EXERCISE AIM → Ignoring the pictures, repeat every entry below exactly as it appears.

——

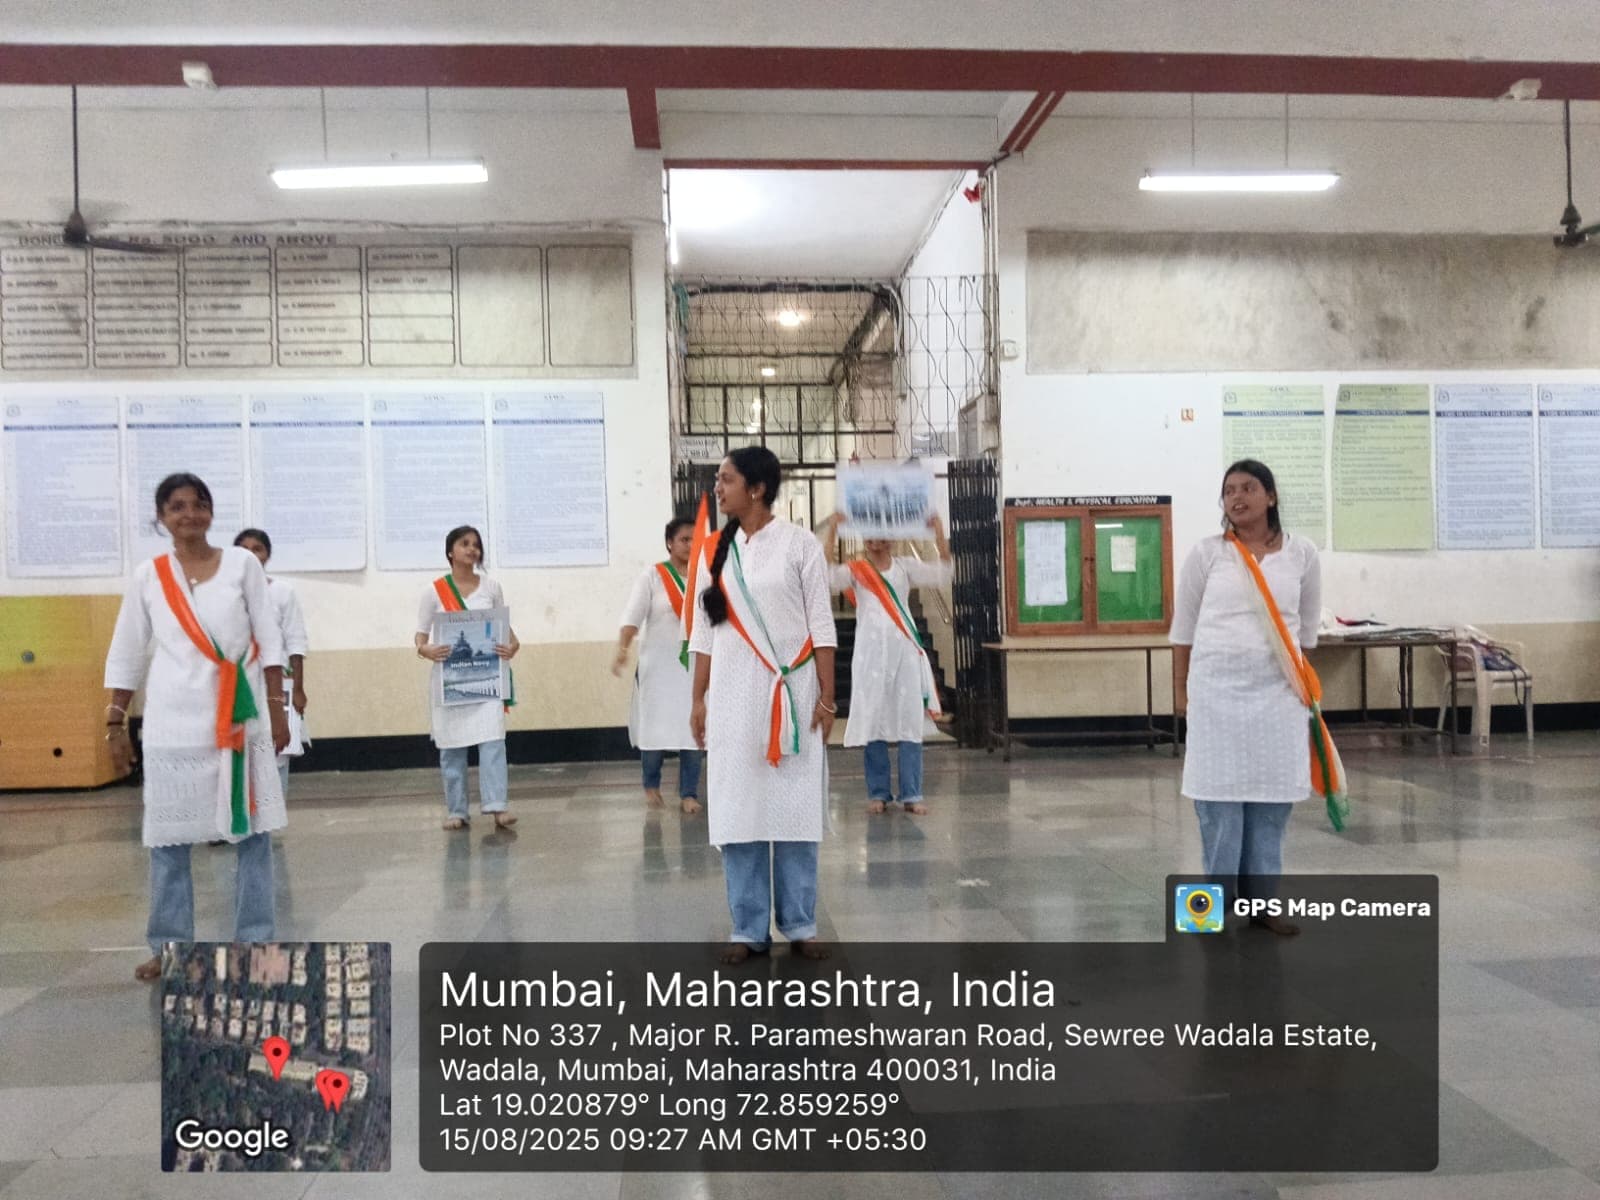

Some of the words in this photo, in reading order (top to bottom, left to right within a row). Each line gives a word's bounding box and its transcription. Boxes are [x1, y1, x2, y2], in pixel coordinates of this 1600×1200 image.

[230, 235, 266, 245] AND
[275, 234, 336, 245] ABOVE
[1035, 498, 1065, 506] HEALTH
[1067, 497, 1073, 505] &
[1075, 496, 1113, 505] PHYSICAL
[1115, 495, 1158, 505] EDUCATION
[450, 660, 472, 668] Indian
[473, 659, 490, 668] Navy

——

WRITTEN RESPONSE →
Some of the words in this photo, in reading order (top to bottom, left to right within a row). Each line gives a word's bounding box and its transcription. Boxes are [x1, y1, x2, y2], in pixel coordinates of this 1600×1200 image.

[230, 235, 266, 245] AND
[275, 234, 336, 245] ABOVE
[1035, 498, 1065, 506] HEALTH
[1067, 497, 1073, 505] &
[1075, 496, 1113, 505] PHYSICAL
[1115, 495, 1158, 505] EDUCATION
[450, 660, 472, 668] Indian
[473, 659, 490, 668] Navy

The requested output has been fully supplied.